3. It appears from the record that one Birdi Chand was survived
by his wife namely Magdu and two sons namely, Kanhaiyalal and
Munna @ Banshilal and one daughter Chand had agricultural land.
He died intestate, hence his legal representatives got the
khatedari rights in equal 1/4th share of each. Plaintiff's mother
Magdu executed a will dated 20.07.2004, which was registered
before the Sub Registrar, Malpura, for her 1/4th share of khatedari
right (undivided) in favour of temple Shri Sitaramji (respondent
No.1 herein). She died on 30.09.2004. Thereafter mutation open
on 04.11.2004 and her 1/4th share was sanctioned in the name of
temple. Thereafter plaintiff, has instituted the present civil suit on
27.01.2005 for seeking cancellation of will of his mother on the
ground that his mother had gone insane prior to execution of will
and legally she could not bequeath undivided portion of 1/4th
share of the agricultural land. Further the plaintiff alleged that on
the entire agricultural land, he is in cultivation and possession.
The plaintiff admits in his plaint that his brother Munna @
Banshilal and sister Chand do not want to challenge the will hence
they have been impleaded as defendant Nos.2 and 3.
Plaintiff's suit was put for trial and evidence was adduced by
both parties.
On appreciation of evidence, the trial court has recorded a
fact finding that there is no evidence on record to show that
plaintiff's mother had gone insane prior to execution of the will.
The trial court has placed reliance on admission of plaintiff that he
has not produced any document showing unsoundness of his
mother and he admits that since she usually wanders here and
(3 of 5) [CSA-363/2016]
there therefore, plaintiff treated her as insane. The statements of
PW-1, PW-2 and PW-3 were not found sufficient to prove the
mental status of plaintiff's mother as insane.

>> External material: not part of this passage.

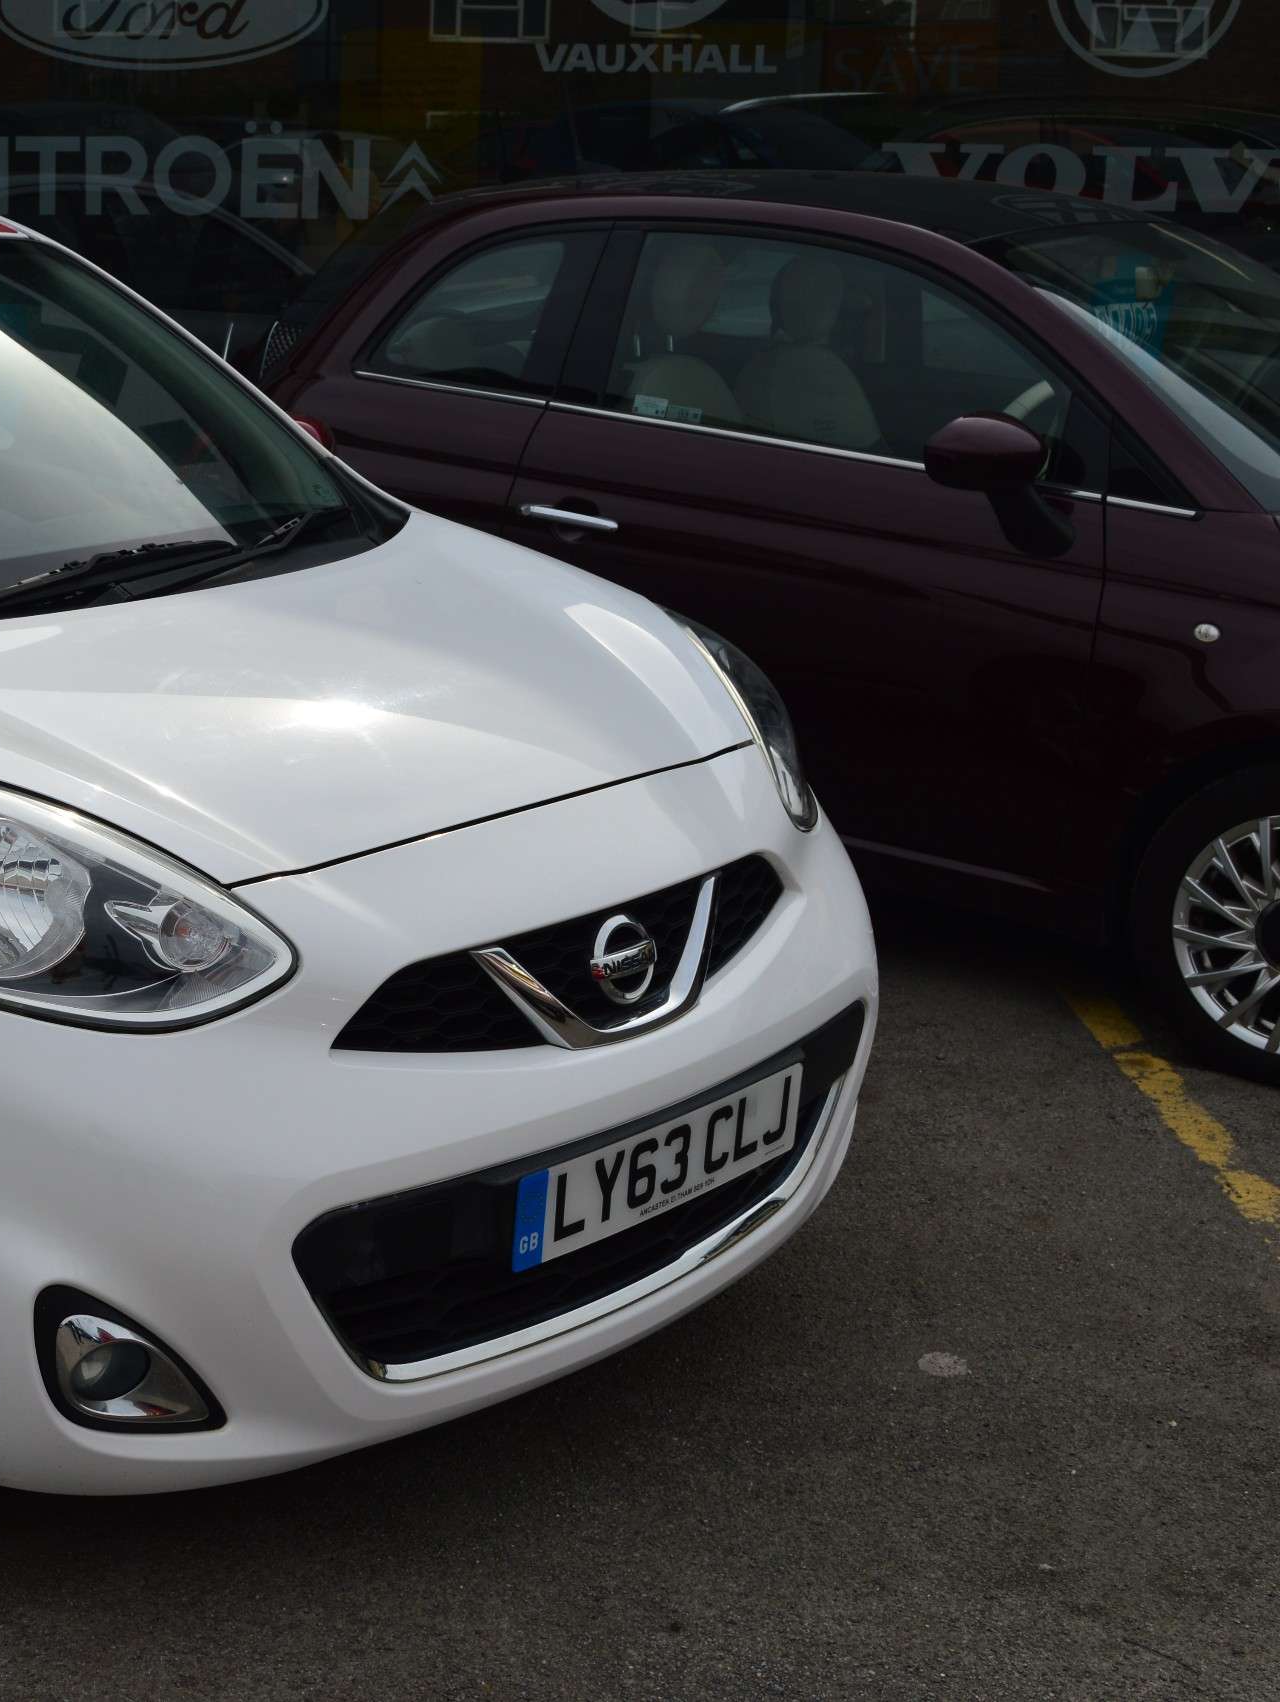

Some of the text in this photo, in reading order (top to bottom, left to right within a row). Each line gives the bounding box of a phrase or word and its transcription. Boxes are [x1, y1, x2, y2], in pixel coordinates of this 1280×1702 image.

Plaintiff also raised a legal plea that the will is against the
provisions of Section 4(2) of Hindu Succession Act as well as
stands violated to Section 118 of the Indian Succession Act, 1925
however, both these objections were turned down by the trial
court. The trial court observed that as far as Section 4 (2) of
Hindu Succession Act, 1956 is concerned, the same has been
omitted and Section 118 of the Indian Succession Act, 1925 does
not apply to the facts of the present case.
In relation to the possession of plaintiff's, the trial court
recorded a fact finding that the plaintiff and his witnesses do not
belong to the village where the land in question is situated and
their oral statements to show the possession of plaintiff over the
land in question were found insufficient.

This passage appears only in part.